Monday, October 08, 2007

 

Somalian Malnutrition and Disease Up - Gov't Down

Week of 17-09-2007, United Nations emergency coordinator John Holmes said that conditions in Somalia had eclipsed those in Darfur and Chad as the most pressing African humanitarian crisis.

Malnutrition and disease are soaring here amid political insecurity and a string of natural disasters, including flooding and drought.
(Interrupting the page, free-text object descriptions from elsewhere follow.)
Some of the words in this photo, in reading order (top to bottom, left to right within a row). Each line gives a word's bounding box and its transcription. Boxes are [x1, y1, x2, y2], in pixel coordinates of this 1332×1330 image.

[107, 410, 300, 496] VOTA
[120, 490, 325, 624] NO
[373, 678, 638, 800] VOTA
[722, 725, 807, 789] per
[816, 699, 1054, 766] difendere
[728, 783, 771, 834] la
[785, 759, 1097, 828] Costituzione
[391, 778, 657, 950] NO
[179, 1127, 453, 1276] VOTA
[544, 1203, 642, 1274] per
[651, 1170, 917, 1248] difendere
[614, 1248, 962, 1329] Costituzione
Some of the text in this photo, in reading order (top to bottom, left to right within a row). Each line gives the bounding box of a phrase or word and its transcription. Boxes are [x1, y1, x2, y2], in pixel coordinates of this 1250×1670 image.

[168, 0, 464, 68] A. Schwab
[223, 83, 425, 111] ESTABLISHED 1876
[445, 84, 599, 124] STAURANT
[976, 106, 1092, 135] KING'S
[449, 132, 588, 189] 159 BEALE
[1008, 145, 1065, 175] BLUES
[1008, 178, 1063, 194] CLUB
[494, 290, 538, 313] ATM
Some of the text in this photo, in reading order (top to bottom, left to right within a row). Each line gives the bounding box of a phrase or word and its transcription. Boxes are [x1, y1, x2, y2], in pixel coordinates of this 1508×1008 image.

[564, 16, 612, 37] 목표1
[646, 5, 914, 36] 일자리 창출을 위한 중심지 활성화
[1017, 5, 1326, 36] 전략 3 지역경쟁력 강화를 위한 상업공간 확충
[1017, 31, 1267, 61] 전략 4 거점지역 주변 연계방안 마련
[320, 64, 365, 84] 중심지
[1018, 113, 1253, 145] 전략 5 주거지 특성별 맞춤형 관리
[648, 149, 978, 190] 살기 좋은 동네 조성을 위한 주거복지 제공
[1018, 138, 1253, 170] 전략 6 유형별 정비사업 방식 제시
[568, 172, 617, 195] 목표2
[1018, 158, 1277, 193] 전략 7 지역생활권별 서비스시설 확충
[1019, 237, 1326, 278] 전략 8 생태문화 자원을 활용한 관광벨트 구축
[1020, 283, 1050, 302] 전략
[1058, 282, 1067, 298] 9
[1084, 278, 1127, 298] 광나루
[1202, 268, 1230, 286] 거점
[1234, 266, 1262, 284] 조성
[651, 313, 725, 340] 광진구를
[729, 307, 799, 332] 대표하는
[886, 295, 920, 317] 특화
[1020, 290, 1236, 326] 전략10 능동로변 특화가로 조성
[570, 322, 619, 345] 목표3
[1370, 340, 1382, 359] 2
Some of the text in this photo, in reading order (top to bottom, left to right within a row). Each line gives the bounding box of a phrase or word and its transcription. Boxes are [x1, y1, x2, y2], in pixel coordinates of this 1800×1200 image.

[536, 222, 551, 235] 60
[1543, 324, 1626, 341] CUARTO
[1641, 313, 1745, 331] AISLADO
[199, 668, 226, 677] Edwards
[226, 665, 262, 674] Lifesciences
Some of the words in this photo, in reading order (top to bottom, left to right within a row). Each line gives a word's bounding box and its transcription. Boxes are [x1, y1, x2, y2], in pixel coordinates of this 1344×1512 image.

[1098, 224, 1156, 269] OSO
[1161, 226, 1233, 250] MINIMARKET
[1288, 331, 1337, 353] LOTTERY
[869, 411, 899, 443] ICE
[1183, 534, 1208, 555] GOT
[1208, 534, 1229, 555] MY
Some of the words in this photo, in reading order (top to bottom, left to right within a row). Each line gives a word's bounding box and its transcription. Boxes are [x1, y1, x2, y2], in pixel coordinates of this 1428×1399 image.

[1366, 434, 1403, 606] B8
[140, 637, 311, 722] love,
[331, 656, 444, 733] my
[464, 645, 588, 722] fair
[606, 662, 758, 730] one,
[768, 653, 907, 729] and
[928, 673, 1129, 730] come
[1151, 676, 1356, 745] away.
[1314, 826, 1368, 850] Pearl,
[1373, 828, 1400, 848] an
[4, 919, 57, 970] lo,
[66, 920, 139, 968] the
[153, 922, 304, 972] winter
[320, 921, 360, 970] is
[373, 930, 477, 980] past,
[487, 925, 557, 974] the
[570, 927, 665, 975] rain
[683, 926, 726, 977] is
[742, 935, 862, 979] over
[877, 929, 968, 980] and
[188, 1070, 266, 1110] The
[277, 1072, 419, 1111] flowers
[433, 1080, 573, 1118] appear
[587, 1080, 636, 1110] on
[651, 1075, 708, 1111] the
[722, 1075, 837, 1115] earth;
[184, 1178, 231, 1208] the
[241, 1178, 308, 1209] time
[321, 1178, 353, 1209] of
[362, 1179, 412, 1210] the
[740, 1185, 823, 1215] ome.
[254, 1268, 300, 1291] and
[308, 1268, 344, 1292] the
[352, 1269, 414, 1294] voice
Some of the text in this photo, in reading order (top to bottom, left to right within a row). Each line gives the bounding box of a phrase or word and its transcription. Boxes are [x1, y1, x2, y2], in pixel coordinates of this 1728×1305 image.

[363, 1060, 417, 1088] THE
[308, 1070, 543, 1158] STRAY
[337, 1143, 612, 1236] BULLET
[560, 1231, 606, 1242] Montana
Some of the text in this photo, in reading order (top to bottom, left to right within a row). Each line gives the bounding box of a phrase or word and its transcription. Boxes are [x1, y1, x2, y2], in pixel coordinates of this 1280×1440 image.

With many Western charities afraid to work in the dangerous country, the transitional government is struggling to cope, but lacks experience and money. Recently, aid groups complain, the government made the crisis worse by trying to tax incoming humanitarian assistance, setting up roadblocks that hindered food deliveries and even intimidating charities and the displaced by
accusing them of supporting "terrorists."

About 350,000 Somalis remain refugees from fighting this year in Mogadishu between government soldiers, supported by thousands of Ethiopian troops, and an insurgency consisting of anti-government clans and Islamist fighters. About 1.5 million people require humanitarian aid, an increase of 50% in recent months. Malnutrition rates are skyrocketing. About 17% of children in central and southern Somalia, or 83,000, are malnourished, according to UNICEF. Some 13,500 children, including Shukri, are so severely malnourished that they are at risk of starvation.


Edmund Sanders, Los Angeles Times



The wicked borroweth, and payeth not again: but the righteous sheweth mercy, and giveth.